Nepali poet and actor

Upendra Bahadur Angdembe Limbu who is known as Upendra Subba (उपेन्द्र सुब्बा) is a Nepali poet, lyricist, writer, and film director. He is one of the initiators of the movement called Srijanshil Arajakta (Creative Anarchy) along with Rajan Mukarung and Hangyug Agyat.

==Early life ==

Subba was born in Angsarang-8, Panchthar, an eastern hilly district. His birth name was Upendra Bahadur Angdembe.

In 1997, he moved to Kathmandu city from Damak to become a songwriter. His songwriting had started to see success with music composed by Shantiram Rai. His songs were sung by Deep Shrestha, Robin Sharma, Ananda Karki, Yam Baral and won some competitions. He became convinced that song recording was expensive and that the music industry was heading towards the directions unlike his taste.

== Literary career ==
Around this time, he met Rajan Mukarung and Hangyug Agyat. They jointly started a literary movement called Srijanshil Arajakta (meaning creative anarchy).

He credits their joint movement for his success in writing. He claimed that the success of Lato Pahad was because Rajan Mukarung paved path for him by success of his novels Hechhakuppa and winning Madan Puraskar with Damini Bhir.
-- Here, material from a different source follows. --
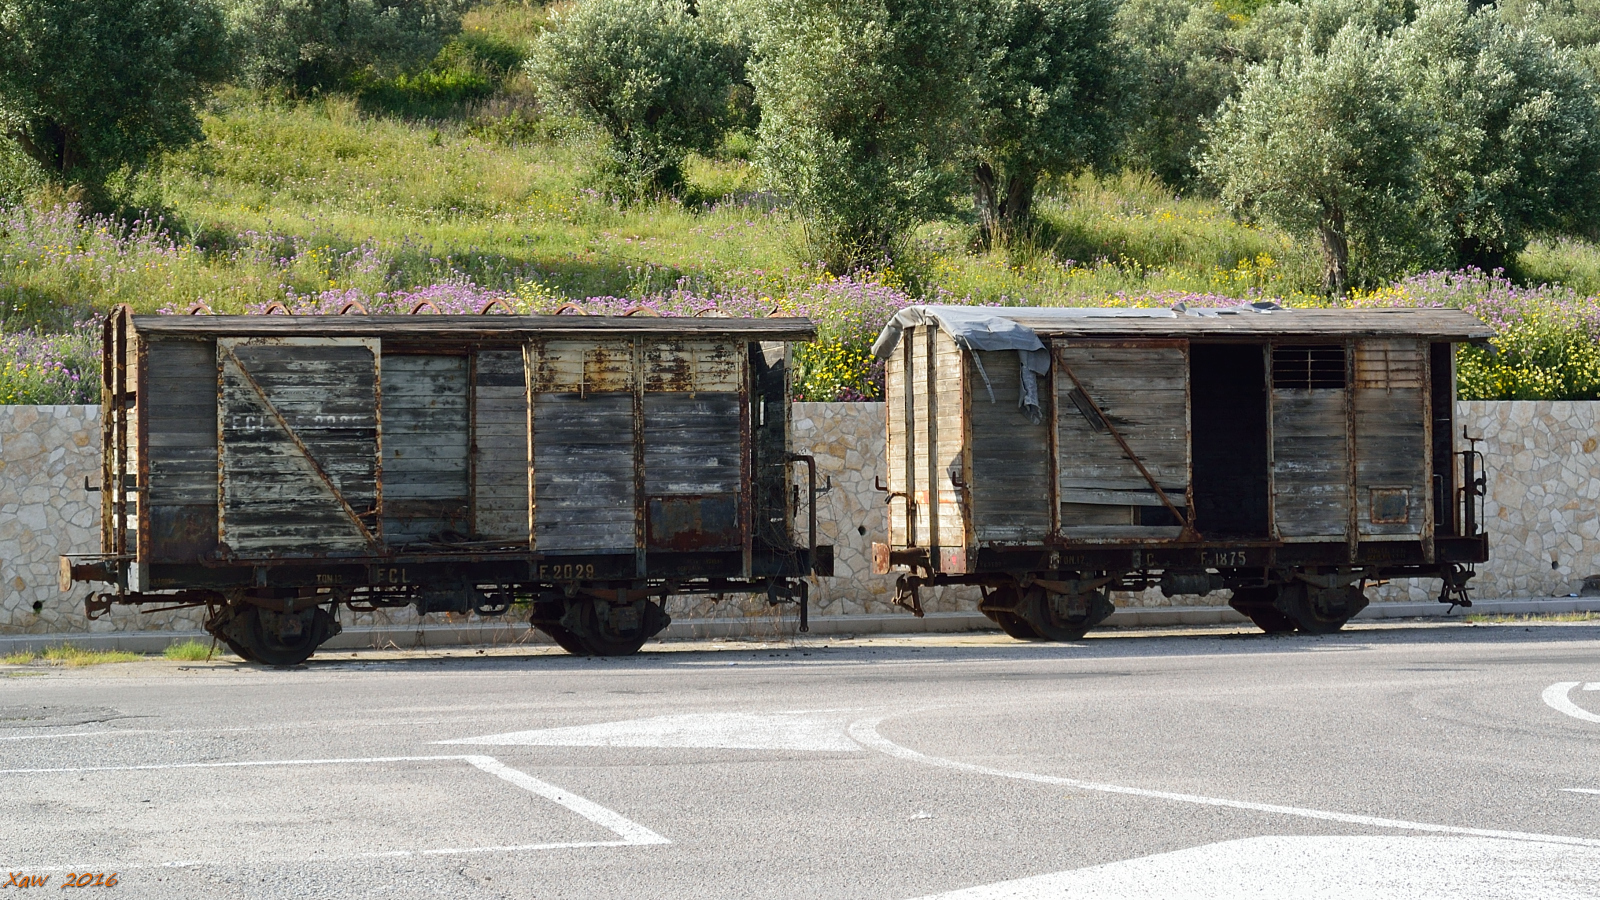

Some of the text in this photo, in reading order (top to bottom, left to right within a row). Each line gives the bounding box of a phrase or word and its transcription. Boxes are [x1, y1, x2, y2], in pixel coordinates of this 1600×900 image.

He visited Hong Kong in 2016 to attend a program by Critics Society. He has visited Malaysia and Singapore in literary programs.

==Published works==

=== Poetry Collection ===
- Dada mathi ko Gham jun ra Gadtirka Raake Bhut haru (2002)
- Hongrayo Bhog ra Pangra (2004)
- Kholako gita ra purana kavitaharu (2013)
- Desh Khojdai Jaada (2017)

=== Short stories collection ===

- Lato Pahad (2014) (compilation of stories) adapted as movie Keba Kokma

=== Music Album ===

- Jiwan Akhir Ke Nai Ho Ra (2006) (Music Album)

== Film career ==
For his film writing, he gives credit to director Ram Babu Gurung. They have collaborated hit movies, including Kabaddi, Kabaddi Kabaddi. His first story was Keba Kokma (Lato Pahad), in Limbu language, directed by Ravi Serma.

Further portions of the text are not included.